**** Dataset records ****

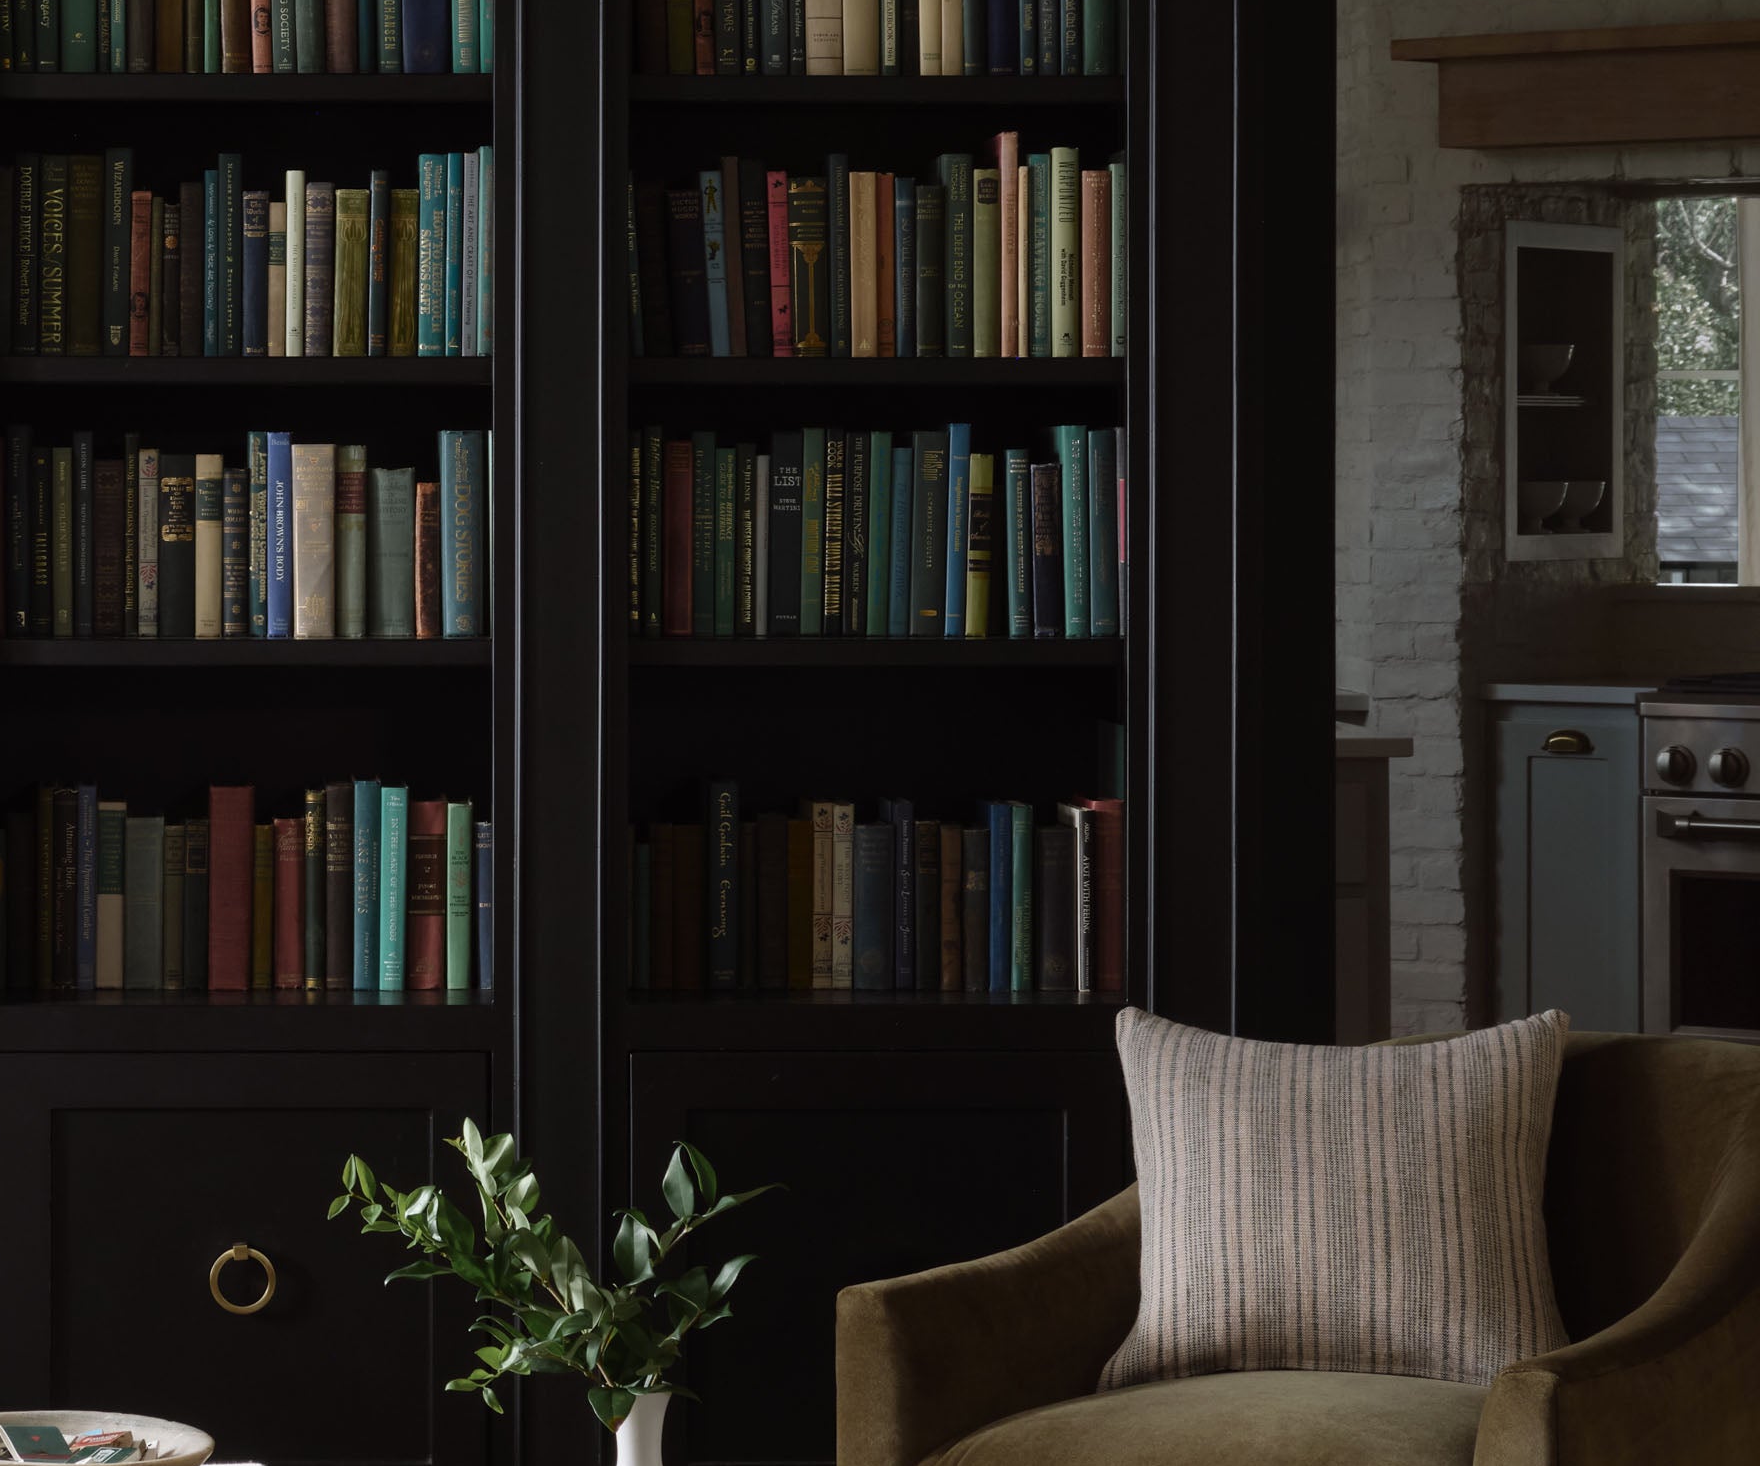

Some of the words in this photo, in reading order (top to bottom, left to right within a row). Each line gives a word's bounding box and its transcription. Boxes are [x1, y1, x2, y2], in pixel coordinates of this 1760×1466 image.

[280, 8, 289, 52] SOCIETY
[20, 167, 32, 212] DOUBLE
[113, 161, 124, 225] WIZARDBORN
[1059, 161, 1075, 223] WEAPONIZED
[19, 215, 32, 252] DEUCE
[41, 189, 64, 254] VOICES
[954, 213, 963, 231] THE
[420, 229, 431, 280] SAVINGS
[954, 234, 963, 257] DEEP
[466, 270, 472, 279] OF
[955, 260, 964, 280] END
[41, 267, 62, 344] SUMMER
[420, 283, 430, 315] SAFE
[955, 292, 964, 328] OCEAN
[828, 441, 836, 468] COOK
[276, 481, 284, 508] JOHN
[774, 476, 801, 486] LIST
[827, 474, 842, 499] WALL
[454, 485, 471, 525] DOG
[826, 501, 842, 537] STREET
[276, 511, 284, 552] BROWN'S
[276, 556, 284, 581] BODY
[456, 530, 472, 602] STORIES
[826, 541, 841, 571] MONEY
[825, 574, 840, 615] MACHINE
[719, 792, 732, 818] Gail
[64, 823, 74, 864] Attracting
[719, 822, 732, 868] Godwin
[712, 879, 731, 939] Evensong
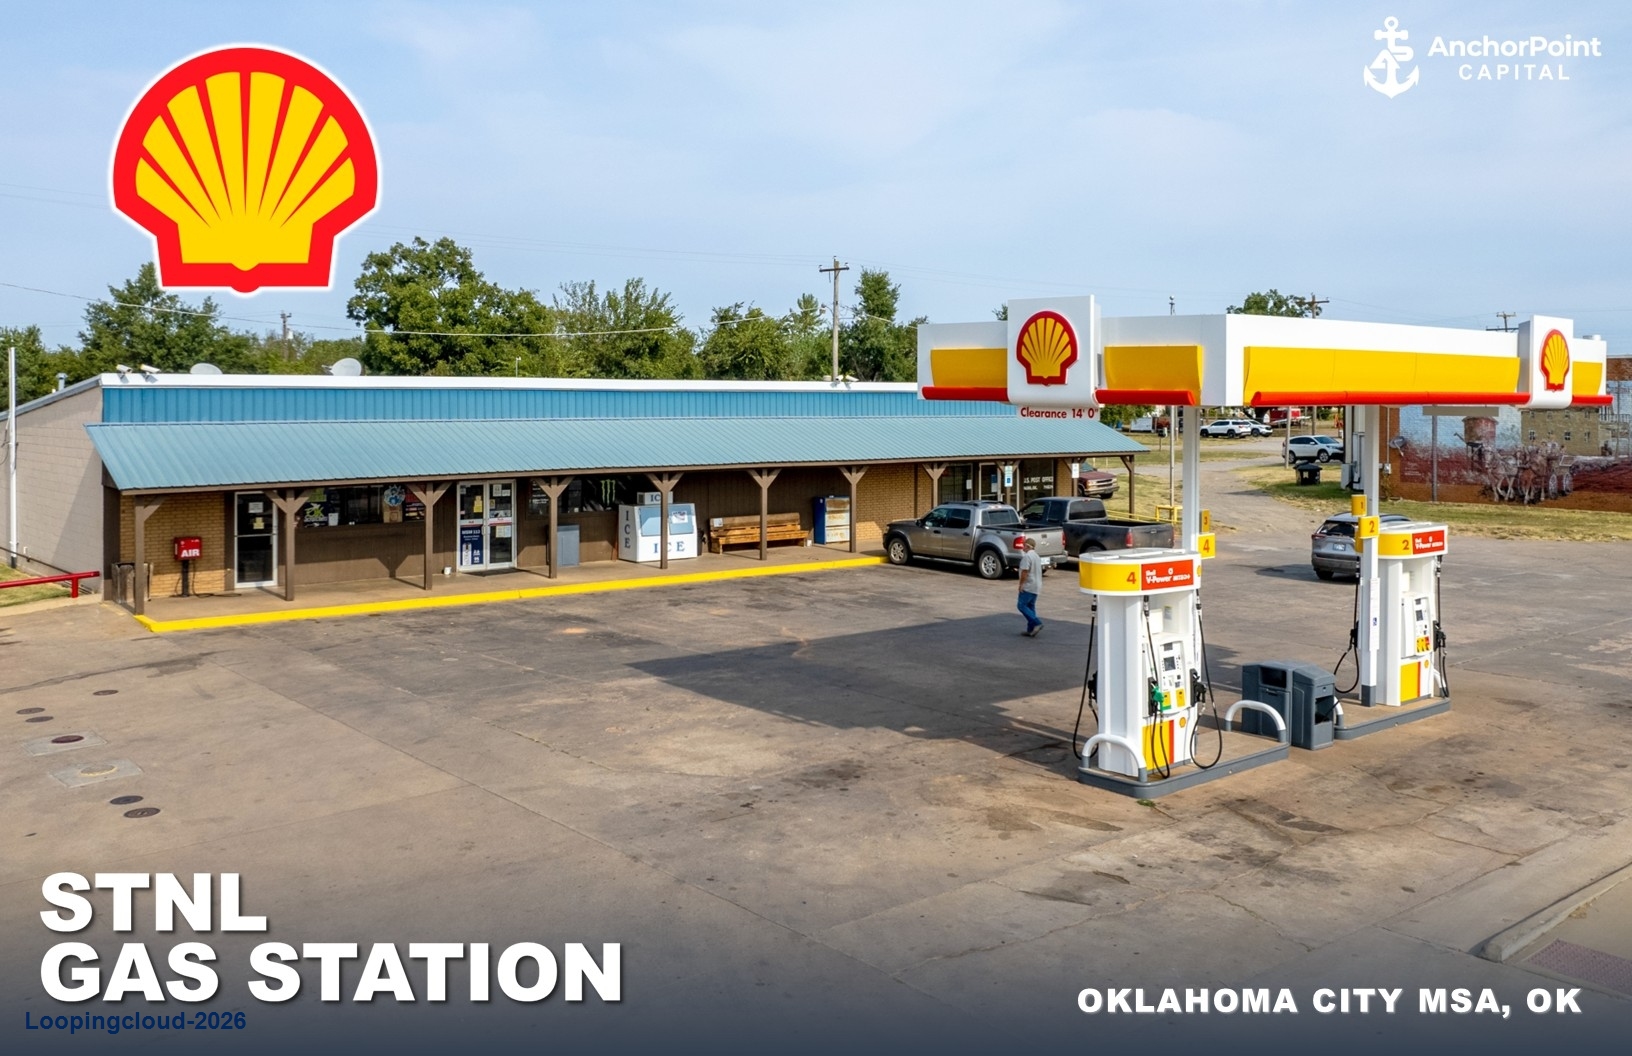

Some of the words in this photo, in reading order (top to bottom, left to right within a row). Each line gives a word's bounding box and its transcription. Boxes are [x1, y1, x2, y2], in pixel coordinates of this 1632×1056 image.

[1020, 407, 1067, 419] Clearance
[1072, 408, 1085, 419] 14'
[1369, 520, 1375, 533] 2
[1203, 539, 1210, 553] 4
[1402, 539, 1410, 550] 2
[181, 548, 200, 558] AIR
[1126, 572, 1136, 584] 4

****

What you have to do:
The whole of the data needs to be copied word for word, though not its pictures.

Answer to this problem:
Some of the words in this photo, in reading order (top to bottom, left to right within a row). Each line gives a word's bounding box and its transcription. Boxes are [x1, y1, x2, y2], in pixel coordinates of this 1760×1466 image.

[280, 8, 289, 52] SOCIETY
[20, 167, 32, 212] DOUBLE
[113, 161, 124, 225] WIZARDBORN
[1059, 161, 1075, 223] WEAPONIZED
[19, 215, 32, 252] DEUCE
[41, 189, 64, 254] VOICES
[954, 213, 963, 231] THE
[420, 229, 431, 280] SAVINGS
[954, 234, 963, 257] DEEP
[466, 270, 472, 279] OF
[955, 260, 964, 280] END
[41, 267, 62, 344] SUMMER
[420, 283, 430, 315] SAFE
[955, 292, 964, 328] OCEAN
[828, 441, 836, 468] COOK
[276, 481, 284, 508] JOHN
[774, 476, 801, 486] LIST
[827, 474, 842, 499] WALL
[454, 485, 471, 525] DOG
[826, 501, 842, 537] STREET
[276, 511, 284, 552] BROWN'S
[276, 556, 284, 581] BODY
[456, 530, 472, 602] STORIES
[826, 541, 841, 571] MONEY
[825, 574, 840, 615] MACHINE
[719, 792, 732, 818] Gail
[64, 823, 74, 864] Attracting
[719, 822, 732, 868] Godwin
[712, 879, 731, 939] Evensong

Some of the words in this photo, in reading order (top to bottom, left to right within a row). Each line gives a word's bounding box and its transcription. Boxes are [x1, y1, x2, y2], in pixel coordinates of this 1632×1056 image.

[1020, 407, 1067, 419] Clearance
[1072, 408, 1085, 419] 14'
[1369, 520, 1375, 533] 2
[1203, 539, 1210, 553] 4
[1402, 539, 1410, 550] 2
[181, 548, 200, 558] AIR
[1126, 572, 1136, 584] 4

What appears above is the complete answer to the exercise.